[Records contained in a dataset]
[Start of Attachment]

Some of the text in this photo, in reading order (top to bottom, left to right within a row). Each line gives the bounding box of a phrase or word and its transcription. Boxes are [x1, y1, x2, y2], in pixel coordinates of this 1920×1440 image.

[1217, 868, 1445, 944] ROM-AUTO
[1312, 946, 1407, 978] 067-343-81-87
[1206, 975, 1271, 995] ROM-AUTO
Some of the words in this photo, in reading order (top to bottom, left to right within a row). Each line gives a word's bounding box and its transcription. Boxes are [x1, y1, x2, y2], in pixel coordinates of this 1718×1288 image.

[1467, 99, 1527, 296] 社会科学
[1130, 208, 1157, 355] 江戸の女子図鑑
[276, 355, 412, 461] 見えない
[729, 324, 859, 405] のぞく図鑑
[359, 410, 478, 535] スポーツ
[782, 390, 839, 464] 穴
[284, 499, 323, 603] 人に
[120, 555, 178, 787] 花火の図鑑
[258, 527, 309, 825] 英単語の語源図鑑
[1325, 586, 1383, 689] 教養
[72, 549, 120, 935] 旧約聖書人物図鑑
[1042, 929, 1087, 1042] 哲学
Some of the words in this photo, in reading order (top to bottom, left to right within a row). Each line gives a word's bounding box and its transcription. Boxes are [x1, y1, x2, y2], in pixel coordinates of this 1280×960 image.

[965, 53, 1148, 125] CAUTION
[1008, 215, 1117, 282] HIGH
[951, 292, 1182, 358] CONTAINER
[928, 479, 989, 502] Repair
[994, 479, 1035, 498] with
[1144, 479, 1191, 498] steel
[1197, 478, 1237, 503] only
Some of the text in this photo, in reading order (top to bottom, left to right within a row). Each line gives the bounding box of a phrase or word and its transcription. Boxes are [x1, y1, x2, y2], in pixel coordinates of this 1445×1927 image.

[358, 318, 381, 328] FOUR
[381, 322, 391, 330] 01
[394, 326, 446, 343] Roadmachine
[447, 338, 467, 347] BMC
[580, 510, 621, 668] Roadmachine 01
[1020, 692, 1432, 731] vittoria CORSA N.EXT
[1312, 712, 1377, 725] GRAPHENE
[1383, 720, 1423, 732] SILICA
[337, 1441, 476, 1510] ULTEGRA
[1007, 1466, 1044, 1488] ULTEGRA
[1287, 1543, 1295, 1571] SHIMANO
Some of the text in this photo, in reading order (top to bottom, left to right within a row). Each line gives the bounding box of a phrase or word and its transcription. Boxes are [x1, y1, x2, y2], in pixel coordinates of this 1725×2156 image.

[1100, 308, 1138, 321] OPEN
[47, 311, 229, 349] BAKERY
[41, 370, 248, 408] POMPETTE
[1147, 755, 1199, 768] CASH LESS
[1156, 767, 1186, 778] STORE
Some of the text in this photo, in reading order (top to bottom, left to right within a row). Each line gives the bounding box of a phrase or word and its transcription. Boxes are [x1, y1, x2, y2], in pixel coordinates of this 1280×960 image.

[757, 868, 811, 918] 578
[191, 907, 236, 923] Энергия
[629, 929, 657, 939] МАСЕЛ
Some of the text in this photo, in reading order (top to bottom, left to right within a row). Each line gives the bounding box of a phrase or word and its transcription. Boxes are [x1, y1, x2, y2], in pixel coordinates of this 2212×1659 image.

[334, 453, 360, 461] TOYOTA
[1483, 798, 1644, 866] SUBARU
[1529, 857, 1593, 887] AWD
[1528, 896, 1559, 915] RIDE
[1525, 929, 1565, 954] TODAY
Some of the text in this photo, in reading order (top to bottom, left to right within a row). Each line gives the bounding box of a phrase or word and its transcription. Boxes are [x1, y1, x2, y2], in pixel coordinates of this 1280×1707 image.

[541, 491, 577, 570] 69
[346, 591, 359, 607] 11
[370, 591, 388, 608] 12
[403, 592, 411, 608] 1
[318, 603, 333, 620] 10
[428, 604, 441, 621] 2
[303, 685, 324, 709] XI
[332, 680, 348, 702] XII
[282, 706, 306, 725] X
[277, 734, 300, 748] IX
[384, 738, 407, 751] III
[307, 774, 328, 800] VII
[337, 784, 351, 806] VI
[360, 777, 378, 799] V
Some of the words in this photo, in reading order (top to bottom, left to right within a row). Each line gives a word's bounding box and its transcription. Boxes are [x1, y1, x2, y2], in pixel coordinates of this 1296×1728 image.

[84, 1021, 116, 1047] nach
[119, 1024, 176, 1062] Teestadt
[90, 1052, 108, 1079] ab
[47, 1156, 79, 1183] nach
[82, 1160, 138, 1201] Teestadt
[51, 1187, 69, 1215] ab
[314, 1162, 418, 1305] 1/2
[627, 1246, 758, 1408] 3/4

[End of Attachment]

◆ Task brief ◆
Write the entries again, exactly as they stand.

◆ Expected output ◆
Some of the text in this photo, in reading order (top to bottom, left to right within a row). Each line gives the bounding box of a phrase or word and its transcription. Boxes are [x1, y1, x2, y2], in pixel coordinates of this 1920×1440 image.

[1217, 868, 1445, 944] ROM-AUTO
[1312, 946, 1407, 978] 067-343-81-87
[1206, 975, 1271, 995] ROM-AUTO
Some of the words in this photo, in reading order (top to bottom, left to right within a row). Each line gives a word's bounding box and its transcription. Boxes are [x1, y1, x2, y2], in pixel coordinates of this 1718×1288 image.

[1467, 99, 1527, 296] 社会科学
[1130, 208, 1157, 355] 江戸の女子図鑑
[276, 355, 412, 461] 見えない
[729, 324, 859, 405] のぞく図鑑
[359, 410, 478, 535] スポーツ
[782, 390, 839, 464] 穴
[284, 499, 323, 603] 人に
[120, 555, 178, 787] 花火の図鑑
[258, 527, 309, 825] 英単語の語源図鑑
[1325, 586, 1383, 689] 教養
[72, 549, 120, 935] 旧約聖書人物図鑑
[1042, 929, 1087, 1042] 哲学
Some of the words in this photo, in reading order (top to bottom, left to right within a row). Each line gives a word's bounding box and its transcription. Boxes are [x1, y1, x2, y2], in pixel coordinates of this 1280×960 image.

[965, 53, 1148, 125] CAUTION
[1008, 215, 1117, 282] HIGH
[951, 292, 1182, 358] CONTAINER
[928, 479, 989, 502] Repair
[994, 479, 1035, 498] with
[1144, 479, 1191, 498] steel
[1197, 478, 1237, 503] only
Some of the text in this photo, in reading order (top to bottom, left to right within a row). Each line gives the bounding box of a phrase or word and its transcription. Boxes are [x1, y1, x2, y2], in pixel coordinates of this 1445×1927 image.

[358, 318, 381, 328] FOUR
[381, 322, 391, 330] 01
[394, 326, 446, 343] Roadmachine
[447, 338, 467, 347] BMC
[580, 510, 621, 668] Roadmachine 01
[1020, 692, 1432, 731] vittoria CORSA N.EXT
[1312, 712, 1377, 725] GRAPHENE
[1383, 720, 1423, 732] SILICA
[337, 1441, 476, 1510] ULTEGRA
[1007, 1466, 1044, 1488] ULTEGRA
[1287, 1543, 1295, 1571] SHIMANO
Some of the text in this photo, in reading order (top to bottom, left to right within a row). Each line gives the bounding box of a phrase or word and its transcription. Boxes are [x1, y1, x2, y2], in pixel coordinates of this 1725×2156 image.

[1100, 308, 1138, 321] OPEN
[47, 311, 229, 349] BAKERY
[41, 370, 248, 408] POMPETTE
[1147, 755, 1199, 768] CASH LESS
[1156, 767, 1186, 778] STORE
Some of the text in this photo, in reading order (top to bottom, left to right within a row). Each line gives the bounding box of a phrase or word and its transcription. Boxes are [x1, y1, x2, y2], in pixel coordinates of this 1280×960 image.

[757, 868, 811, 918] 578
[191, 907, 236, 923] Энергия
[629, 929, 657, 939] МАСЕЛ
Some of the text in this photo, in reading order (top to bottom, left to right within a row). Each line gives the bounding box of a phrase or word and its transcription. Boxes are [x1, y1, x2, y2], in pixel coordinates of this 2212×1659 image.

[334, 453, 360, 461] TOYOTA
[1483, 798, 1644, 866] SUBARU
[1529, 857, 1593, 887] AWD
[1528, 896, 1559, 915] RIDE
[1525, 929, 1565, 954] TODAY
Some of the text in this photo, in reading order (top to bottom, left to right within a row). Each line gives the bounding box of a phrase or word and its transcription. Boxes are [x1, y1, x2, y2], in pixel coordinates of this 1280×1707 image.

[541, 491, 577, 570] 69
[346, 591, 359, 607] 11
[370, 591, 388, 608] 12
[403, 592, 411, 608] 1
[318, 603, 333, 620] 10
[428, 604, 441, 621] 2
[303, 685, 324, 709] XI
[332, 680, 348, 702] XII
[282, 706, 306, 725] X
[277, 734, 300, 748] IX
[384, 738, 407, 751] III
[307, 774, 328, 800] VII
[337, 784, 351, 806] VI
[360, 777, 378, 799] V
Some of the words in this photo, in reading order (top to bottom, left to right within a row). Each line gives a word's bounding box and its transcription. Boxes are [x1, y1, x2, y2], in pixel coordinates of this 1296×1728 image.

[84, 1021, 116, 1047] nach
[119, 1024, 176, 1062] Teestadt
[90, 1052, 108, 1079] ab
[47, 1156, 79, 1183] nach
[82, 1160, 138, 1201] Teestadt
[51, 1187, 69, 1215] ab
[314, 1162, 418, 1305] 1/2
[627, 1246, 758, 1408] 3/4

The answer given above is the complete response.